Common name: Dyckia
Distribution and habitat: Dyckia fosteriana are striking rare plants native to central South America, primarily Brazil. The genus Dyckia consist of 120 saxicolous (living on or around rocks) or terrestrial (growing in the ground) bromeliads species, although most are strictly terrestrial and all do well when grown as terrestrials plants.
Description: Dyckia fosteriana are spiny, stemless bromeliads resembling prickly succulents. It has shiny, stiffly arching, dull grey leaves up to 22cm (9 inch) long and 1-2cm (0.4-0.8 inch) wide, viciously armed with tiny hooked spines along the edges. In bright sunlight the leaf colour changes to rich metallic bronze.
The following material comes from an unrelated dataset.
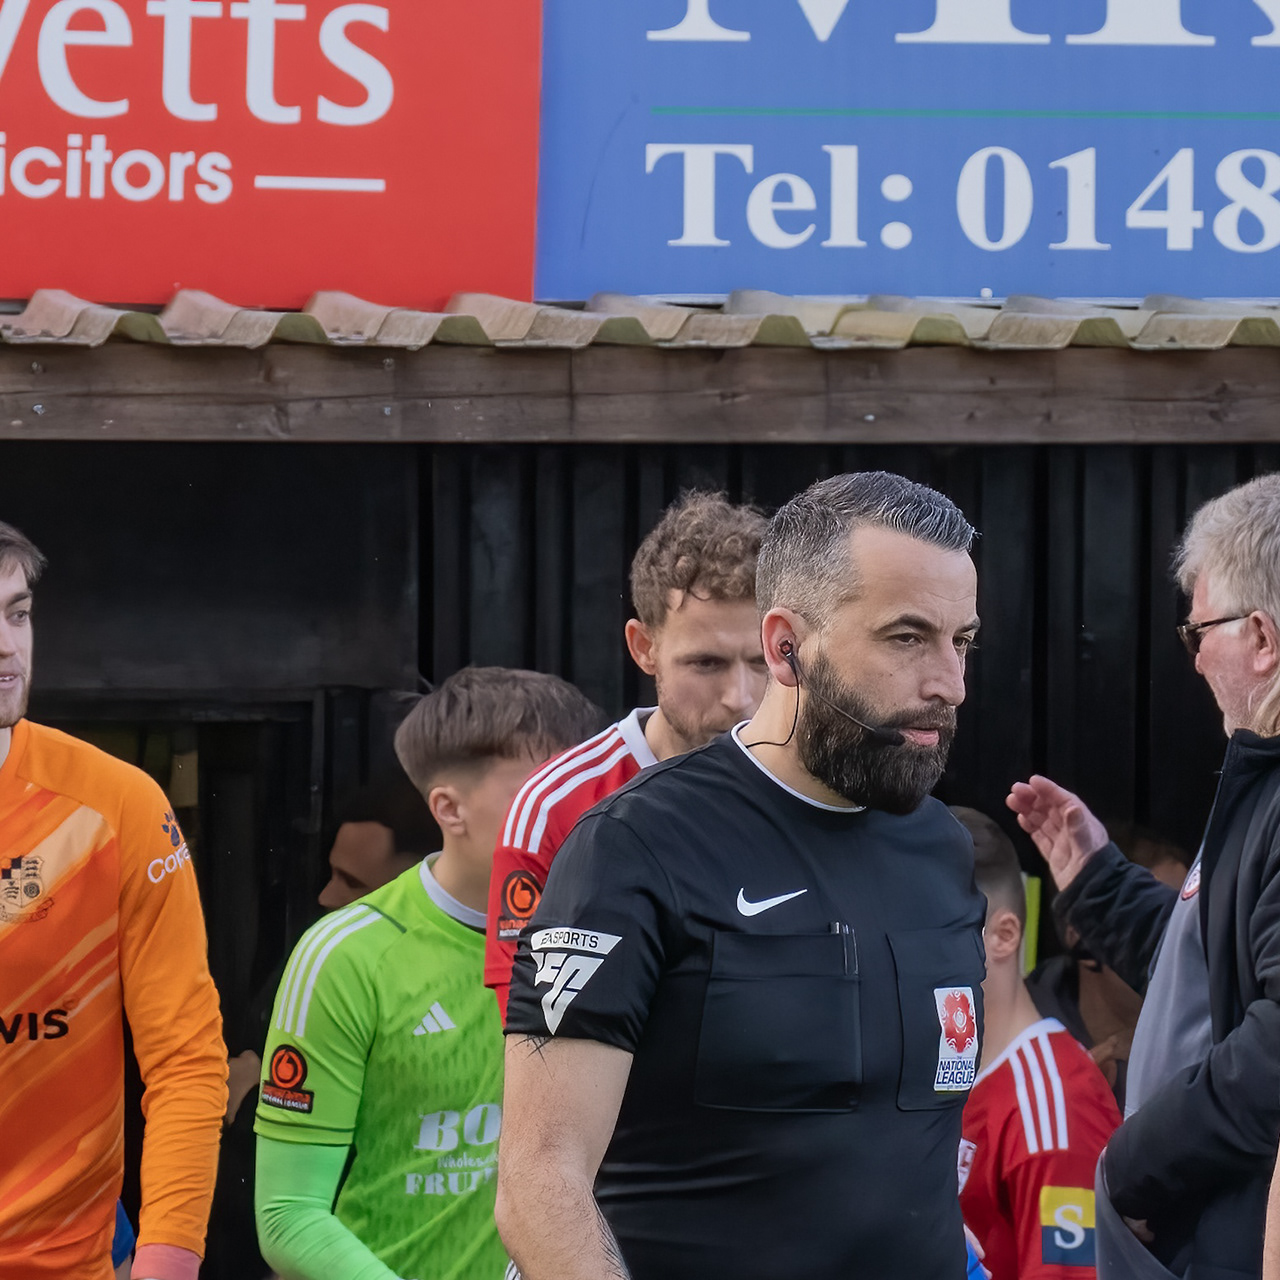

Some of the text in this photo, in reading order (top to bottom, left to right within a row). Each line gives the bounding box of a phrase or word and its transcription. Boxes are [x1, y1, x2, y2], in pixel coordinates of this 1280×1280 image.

The leaves grow in a tight rosette. In the spring bell shaped flowers in orange-yellow colour and 2cm (0.8 inch) long appear on 22-30cm (9-12 inch) long, slender flower stalk. These flower stalk are rising from a side of a mature rosette – not from the centre as on other bromeliads – meaning that the plant is not dying after flowering as most other bromeliads does.
Dyckia fosteriana generally form new rosettes rapidly, building up into relatively large cluster. It spread little more than 30cm (12 inch) or so.
Houseplant care: Whenever possible, stand the Dyckia fosteriana in a sunny position outdoors throughout the summer months. Do not expose them to outdoors brightness suddenly, however. Instead give them a little more sunlight each day over a period of 7 to 10 days. Bring plants indoors again in about early autumn.
Dyckia fosteriana will withstand more neglect than almost any other commonly cultivated plant and still pup and bloom every year. Their only demand is a little water and a lot of sunshine.
Light: Grow Dyckia fosteriana in direct sunlight for strongest leaf colour and for short, sturdy growth.
Temperature: Dyckia fosteriana flourish in hot, dry conditions in the wild, so they are able to withstand dry indoor heat. They have no definite resting period, but grow steadily throughout periods of warmth. However they can tolerate quite cool temperatures, even as low as 10°C (50°F).
Watering: Dyckia fosteriana are well able to withstand long periods of drought (as well as short periods of general neglect). They do best, however, if watered moderately, enough to make the entire potting mixture moist at each watering and allowing the top couple of centimetres of the mixture to dry out before watering again. In areas where the quantity of sunlight is considerably reduced in winter, Dyckia fosteriana should be kept quite cool during the months of low light. At such times water them sparingly (no more than once a month, giving just enough each time to keep the potting mixture from drying out.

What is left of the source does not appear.